Data supplied ▸
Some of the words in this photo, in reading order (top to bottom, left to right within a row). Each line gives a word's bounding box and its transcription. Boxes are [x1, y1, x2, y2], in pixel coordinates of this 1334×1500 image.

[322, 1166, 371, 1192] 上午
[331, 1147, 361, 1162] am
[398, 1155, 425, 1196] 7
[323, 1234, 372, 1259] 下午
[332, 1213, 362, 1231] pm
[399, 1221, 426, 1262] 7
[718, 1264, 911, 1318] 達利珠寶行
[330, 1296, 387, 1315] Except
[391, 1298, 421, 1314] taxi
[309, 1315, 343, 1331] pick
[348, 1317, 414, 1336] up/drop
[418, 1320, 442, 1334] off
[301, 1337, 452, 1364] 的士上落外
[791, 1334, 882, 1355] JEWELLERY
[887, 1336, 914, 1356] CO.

Task to complete ▸
An exact copy of all the entries above is what is needed.

Response area ▸
Some of the words in this photo, in reading order (top to bottom, left to right within a row). Each line gives a word's bounding box and its transcription. Boxes are [x1, y1, x2, y2], in pixel coordinates of this 1334×1500 image.

[322, 1166, 371, 1192] 上午
[331, 1147, 361, 1162] am
[398, 1155, 425, 1196] 7
[323, 1234, 372, 1259] 下午
[332, 1213, 362, 1231] pm
[399, 1221, 426, 1262] 7
[718, 1264, 911, 1318] 達利珠寶行
[330, 1296, 387, 1315] Except
[391, 1298, 421, 1314] taxi
[309, 1315, 343, 1331] pick
[348, 1317, 414, 1336] up/drop
[418, 1320, 442, 1334] off
[301, 1337, 452, 1364] 的士上落外
[791, 1334, 882, 1355] JEWELLERY
[887, 1336, 914, 1356] CO.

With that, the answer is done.